Record extracts section start

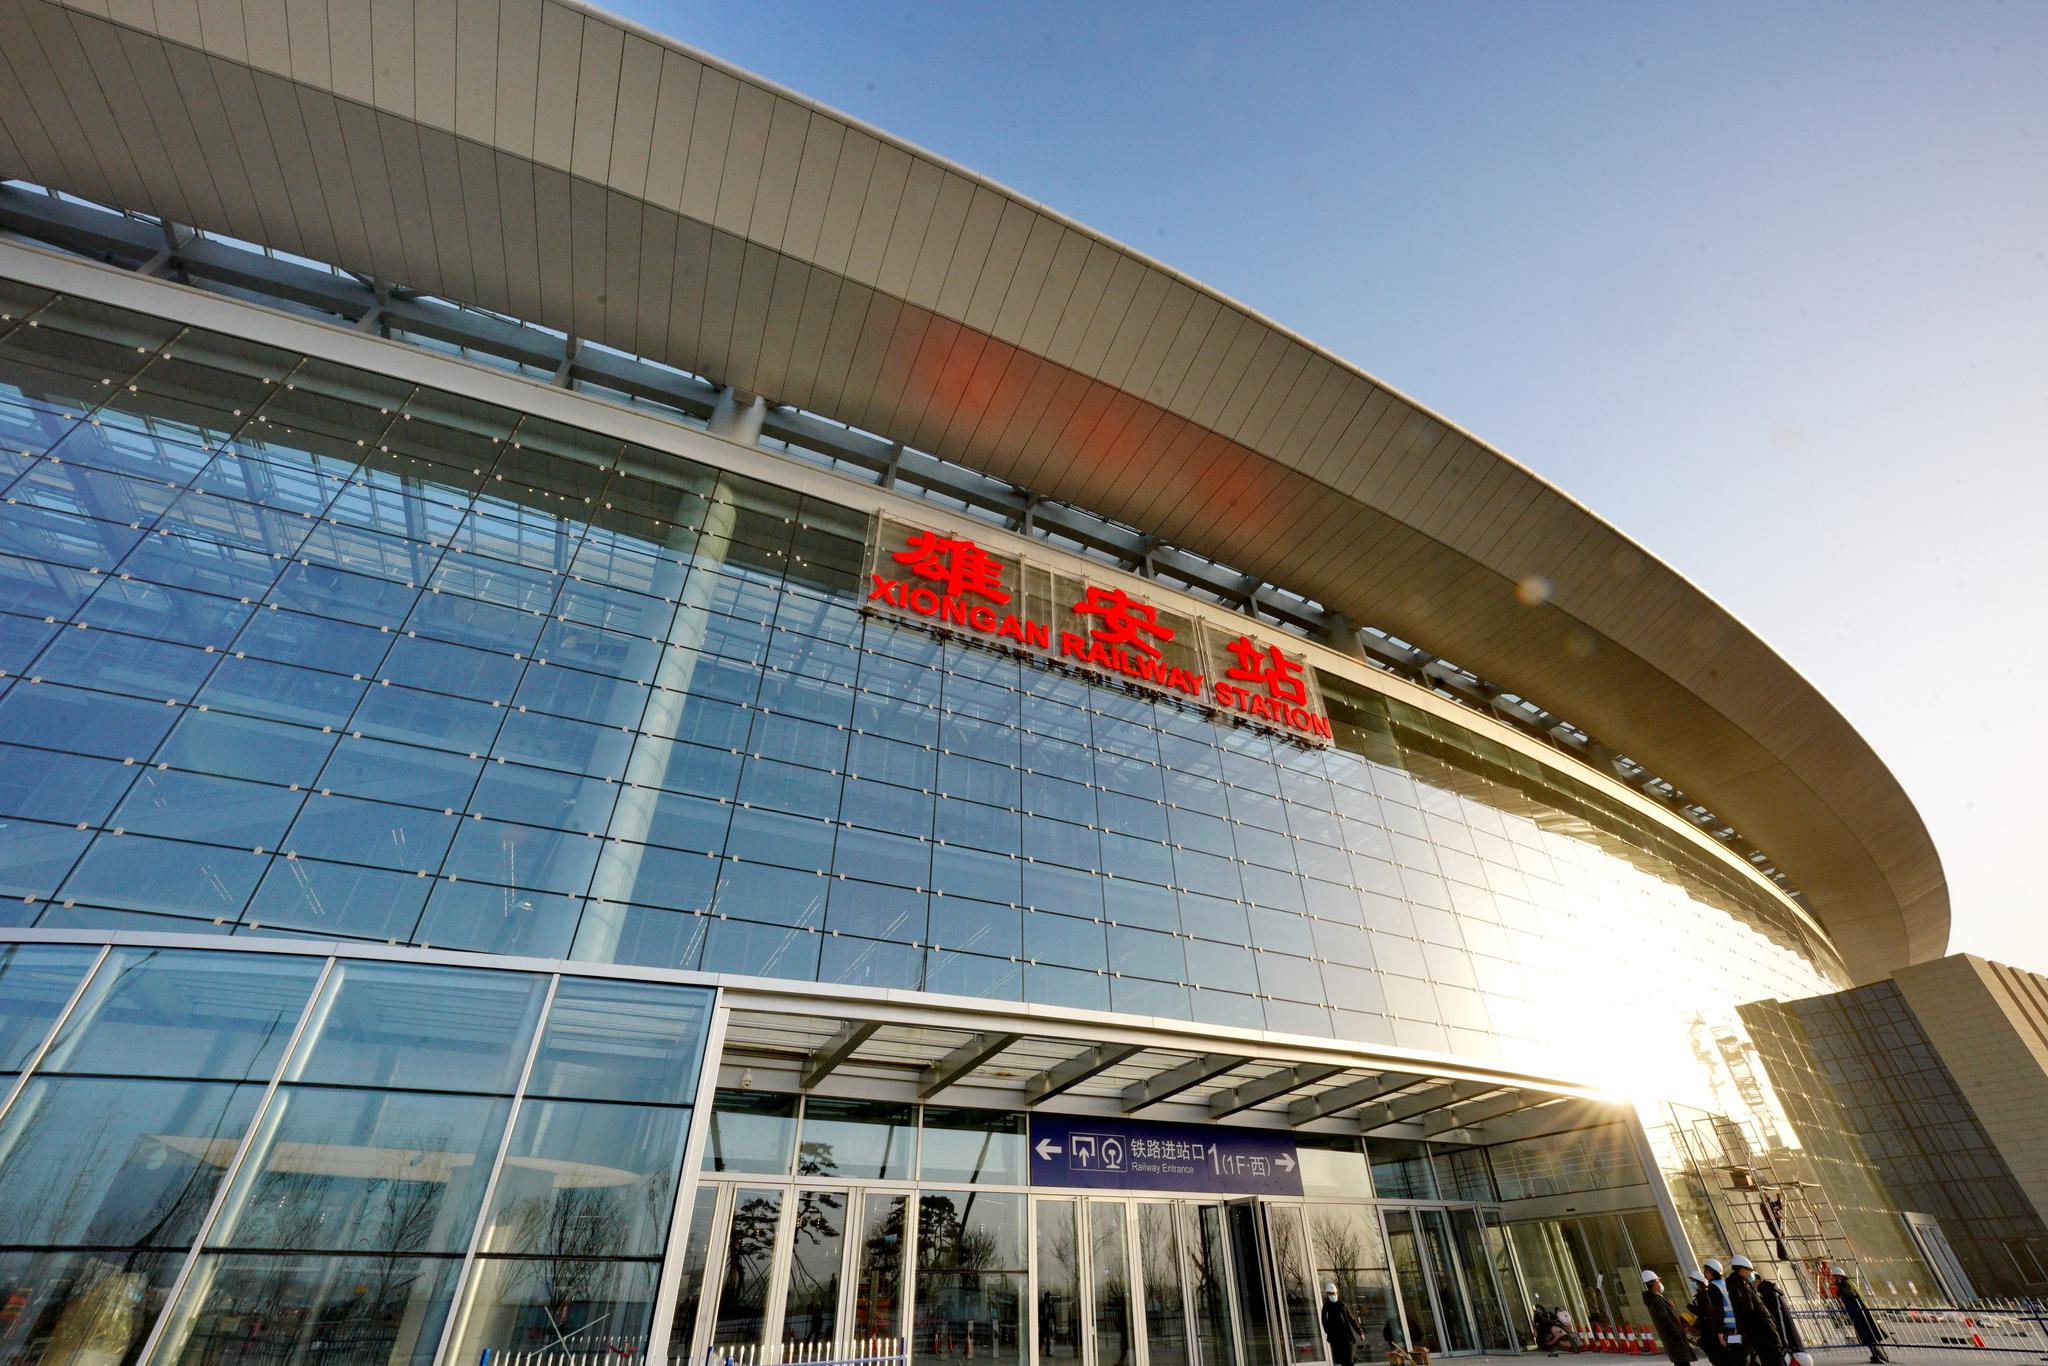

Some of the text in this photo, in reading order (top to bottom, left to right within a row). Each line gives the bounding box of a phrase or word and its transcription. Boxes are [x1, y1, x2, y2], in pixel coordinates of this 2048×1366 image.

[869, 574, 1333, 740] XIONGAN RAILWAY STATION
[891, 530, 1306, 706] 雄安站
[1132, 1162, 1194, 1174] Railway Entrance
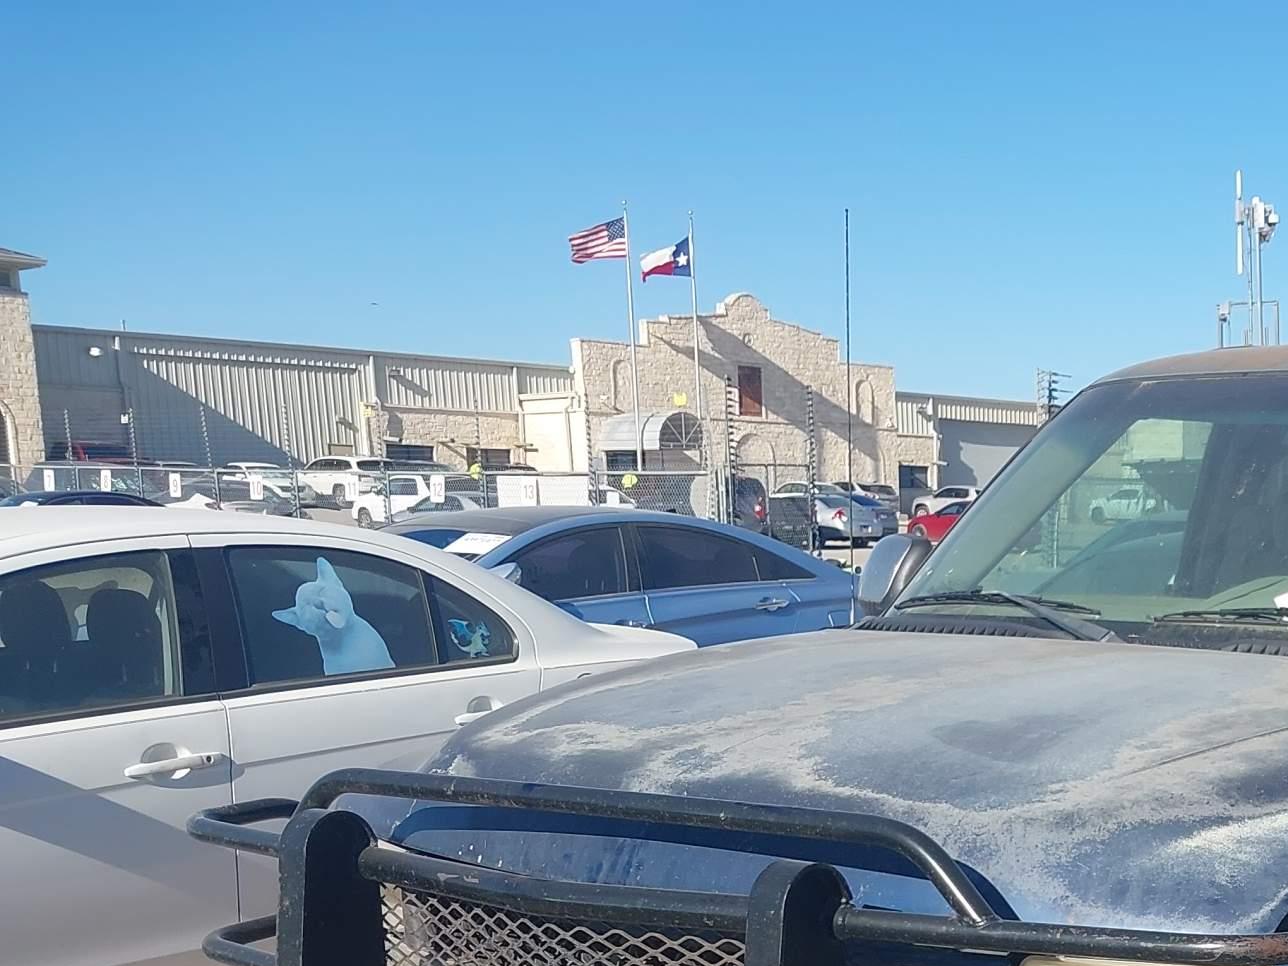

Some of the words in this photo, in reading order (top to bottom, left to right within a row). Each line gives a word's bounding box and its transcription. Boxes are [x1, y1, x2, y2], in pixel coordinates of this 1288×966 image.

[252, 481, 262, 496] 10
[433, 482, 443, 497] 12
[523, 484, 535, 500] 13
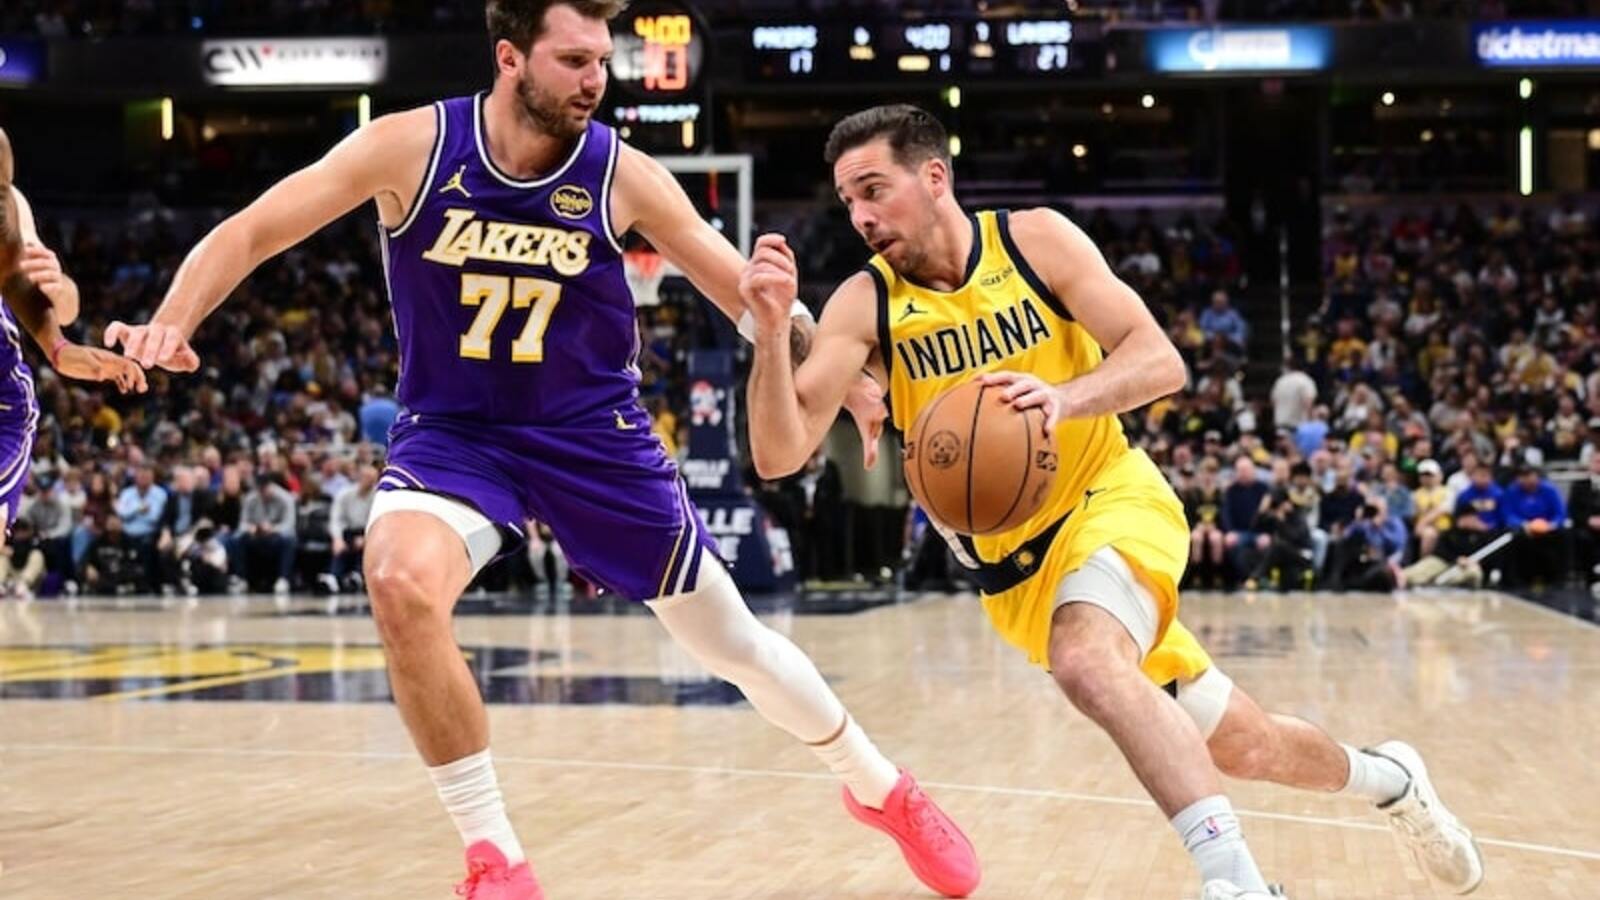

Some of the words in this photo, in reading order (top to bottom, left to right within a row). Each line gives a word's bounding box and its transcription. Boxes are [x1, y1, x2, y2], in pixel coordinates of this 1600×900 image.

[421, 208, 593, 277] LAKERS
[459, 272, 562, 363] 77
[896, 298, 1051, 381] INDIANA
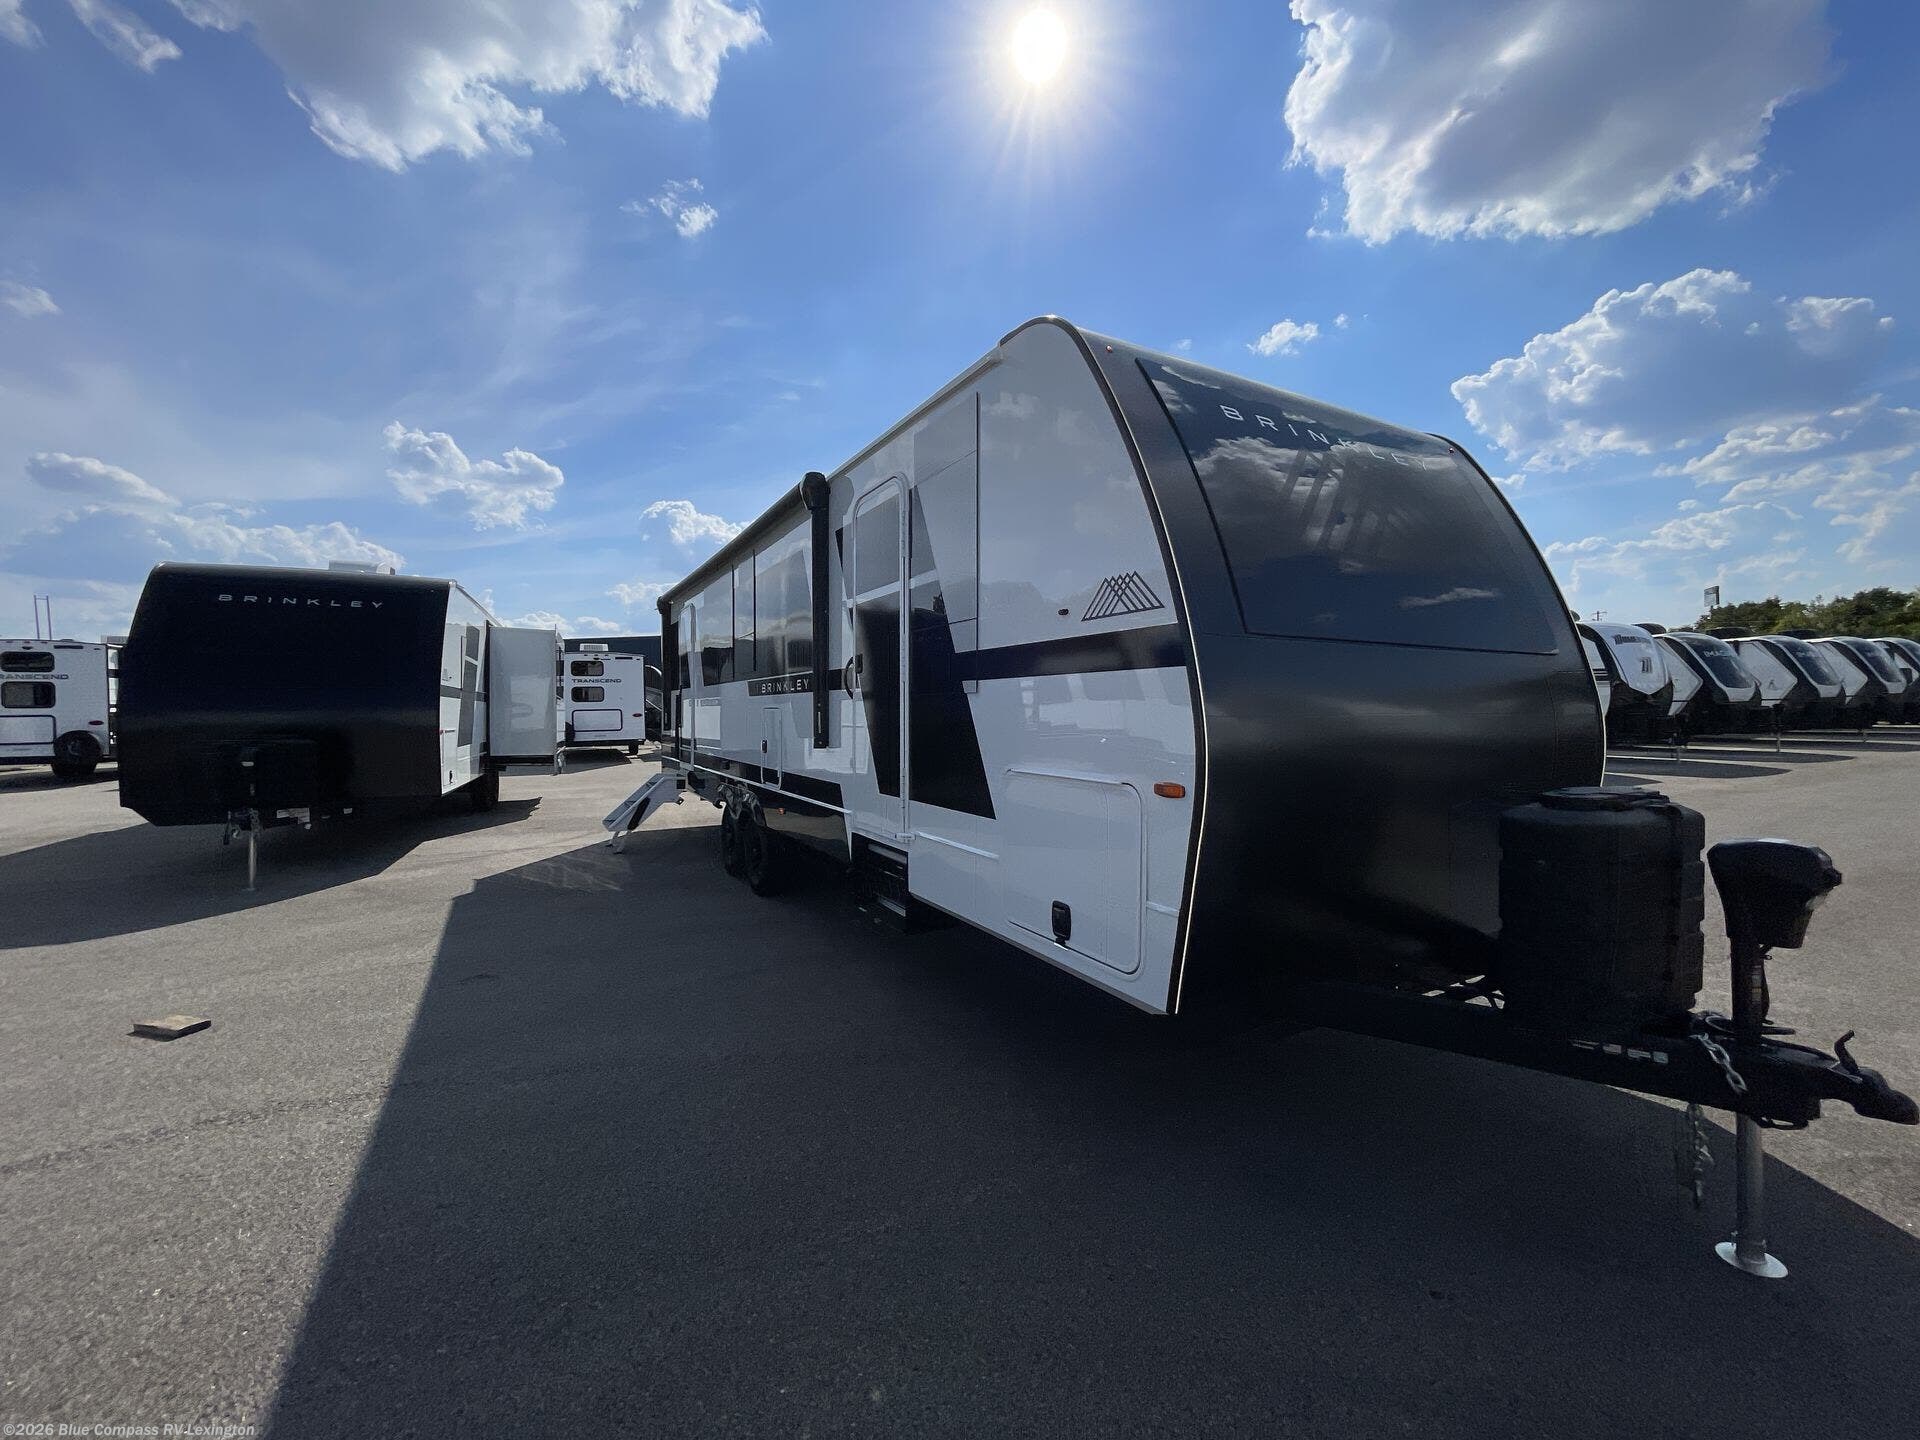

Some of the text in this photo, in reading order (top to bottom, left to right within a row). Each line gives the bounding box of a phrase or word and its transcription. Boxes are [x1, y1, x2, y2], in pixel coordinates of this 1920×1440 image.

[1219, 404, 1428, 471] BRINKLEY
[218, 594, 383, 608] BRINKLEY
[761, 678, 809, 694] BRINKLEY

Record extracts section end

* What the task requires *
Transcribe the material above in full. No picture is to be copied.

* Answer space *
Some of the text in this photo, in reading order (top to bottom, left to right within a row). Each line gives the bounding box of a phrase or word and its transcription. Boxes are [x1, y1, x2, y2], in pixel coordinates of this 2048×1366 image.

[869, 574, 1333, 740] XIONGAN RAILWAY STATION
[891, 530, 1306, 706] 雄安站
[1132, 1162, 1194, 1174] Railway Entrance

Some of the words in this photo, in reading order (top to bottom, left to right within a row). Each line gives a word's bounding box and its transcription. Boxes are [x1, y1, x2, y2], in pixel coordinates of this 1288×966 image.

[252, 481, 262, 496] 10
[433, 482, 443, 497] 12
[523, 484, 535, 500] 13

Some of the words in this photo, in reading order (top to bottom, left to right within a row). Each line gives a word's bounding box and its transcription. Boxes are [x1, y1, x2, y2], in pixel coordinates of this 1600×900 image.

[421, 208, 593, 277] LAKERS
[459, 272, 562, 363] 77
[896, 298, 1051, 381] INDIANA

Some of the text in this photo, in reading order (top to bottom, left to right within a row). Each line gives the bounding box of a phrase or word and its transcription. Boxes are [x1, y1, x2, y2], in pixel coordinates of this 1920×1440 image.

[1219, 404, 1428, 471] BRINKLEY
[218, 594, 383, 608] BRINKLEY
[761, 678, 809, 694] BRINKLEY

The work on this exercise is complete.